Aprocitentan

Melting point: 139-141°C

Boiling point: 705.0±70.0°C(Predicted)

Storage temp: -20°C Freezer

Solubility: Chloroform (Slightly, Heated), Methanol (Slightly, Heated)

Form: Solid

Color: White to Off-White

1. Cell Experiment

Solubility in DMSO: 25 mg/mL (45.77 mM; Ultrasonic Assisted Solubility (<60°C); Hygroscopic DMSO has a significant effect on the solubility of the product, please use freshly opened DMSO)

Preparing Stock Solutions：

Please choose the appropriate solvent to prepare the stock solution according to the solubility of the product in different solvents; once the solution is prepared, please store it in separate packages to avoid product failure caused by repeated freezing and thawing.Storage method and period of the stock solution: -80°C, 2 years; -20°C, 1 year.Use within 2 years when stored at -80°C, and within 1 year when stored at -20°C.

2. Animal Control

Choose the appropriate dissolution protocol based on your experimental animal and mode of administration.

For the following dissolution schemes, please prepare the clarified stock solution in vitro first, and then add the co-solvent in turn:

- In order to ensure the reliability of the experimental results, the clarified stock solution can be properly stored according to the storage conditions; It is recommended that you use the working solution for in vivo experiments and use it on the same day;The percentage shown before the following solvent refers to the proportion of the volume of the solvent in your final solution; If there is precipitation or precipitation during the preparation process, it can be dissolved by heating and/or ultrasound.

Option 1

Add each solvent in order: 10% DMSO, 40% PEG300 ,  5% Tween-80, 45% Saline.

Solubility:≥ 2.5 mg/mL (4.58 mM); Clarifying solution.

A clarified solution of ≥ 2.5 mg/mL (saturation unknown) is obtained for this protocol.

For example, take 1 mL of working solution and add 100 μL of 25.0 mg/mL of clarified DMSO stock solution to 400 μL of PEG300 and mix well. Add 50 μL of Tween-80 to the above system and mix well. Then continue to add 450 μL of normal saline to 1 mL.

Preparation of normal saline: 0.9 g of sodium chloride dissolved in ddH₂O and fixed to 100 mL can obtain a clear and transparent normal saline solution.

Option 2

add each solvent in order:10% DMSO,90% Corn Oil

Solubility:  ≥ 2.5 mg/mL (4.58 mM); Clarifying solution.

A clarified solution of ≥ 2.5 mg/mL (saturation unknown) is available for this protocol, as appropriate for animal experiments with experimental cycles of more than half a month.

For example, 100 μL of 25.0 mg/mL of clarified DMSO stock solution is added to 900 μL of corn oil and mixed well.

Aprocitentan exerts its pharmacologic effects by antagonizing receptors, ETA and ETB, which play a role in the pathogenesis of hypertension.In the PRECISION trial, aprocitentan demonstrated superiority to placebo in reducing both sitting systolic and diastolic blood pressures, with a mean reduction in sitting trough blood pressure of approximately 4 mmHg greater than placebo.Most of the antihypertensive effect of aprocitentan occurs within the first two weeks of treatment.

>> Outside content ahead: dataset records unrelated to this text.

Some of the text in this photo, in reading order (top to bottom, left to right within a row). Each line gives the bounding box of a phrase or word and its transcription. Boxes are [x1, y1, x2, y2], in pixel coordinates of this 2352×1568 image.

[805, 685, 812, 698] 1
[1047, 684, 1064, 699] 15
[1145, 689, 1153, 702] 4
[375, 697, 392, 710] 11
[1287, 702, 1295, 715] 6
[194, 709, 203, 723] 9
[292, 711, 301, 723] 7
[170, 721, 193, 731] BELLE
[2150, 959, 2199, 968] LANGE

Based on data from animal reproduction studies with other endothelin receptor antagonists, aprocitentan can cause fetal harm when administered during pregnancy. Prior to initiating treatment with aprocitentan, pregnancy should be excluded and acceptable contraceptive methods employed. Patients should monitor for pregnancy monthly and use effective contraception during treatment and for one month after discontinuation. Because of the significant risk of embryo-fetal toxicity, aprocitentan is only available through a restricted program called the Tryvio REMS.

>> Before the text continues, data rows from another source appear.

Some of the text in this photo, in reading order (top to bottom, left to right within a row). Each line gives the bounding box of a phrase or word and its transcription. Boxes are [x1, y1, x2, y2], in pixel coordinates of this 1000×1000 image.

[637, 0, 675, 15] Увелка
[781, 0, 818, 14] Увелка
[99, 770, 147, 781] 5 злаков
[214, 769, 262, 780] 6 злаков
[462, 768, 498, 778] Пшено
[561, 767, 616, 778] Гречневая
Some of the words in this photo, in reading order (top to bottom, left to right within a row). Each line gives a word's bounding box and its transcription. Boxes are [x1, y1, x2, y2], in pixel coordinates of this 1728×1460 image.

Endothelin-1 (ET-1) is the predominant endothelin isoform in the human cardiovascular system. It is produced constitutively by vascular endothelial cells to maintain vascular tone and is found in a variety of other cells including vascular smooth muscle cells, cardiomyocytes, fibroblasts, macrophages, neurons, and epithelial cells in the lungs and kidneys.ET-1 acts on two receptors, ETA and ETB, located on vascular smooth muscle cells and endothelial cells which serve to regulate blood pressure by inducing vasoconstriction or vasodilation. ET-1 is an extremely potent vasoconstrictor that works primarily via interactions with the ETA receptor and, under pathologic conditions, further induces vasoconstriction via interactions with ETB2.The overexpression of both ET-1 and ET receptors has been shown in a variety of pathologies, including essential hypertension, pulmonary arterial hypertension, chronic kidney disease, and diabetes mellitus. Aprocitentan is a dual endothelin receptor antagonist that inhibits the binding of ET-1 to both ETA and ETB receptors.This inhibition mitigates the hypertensive effects of ET-1 overexpression, including endothelial dysfunction, vascular hypertrophy and remodeling, sympathetic activation, and increased aldosterone synthesis.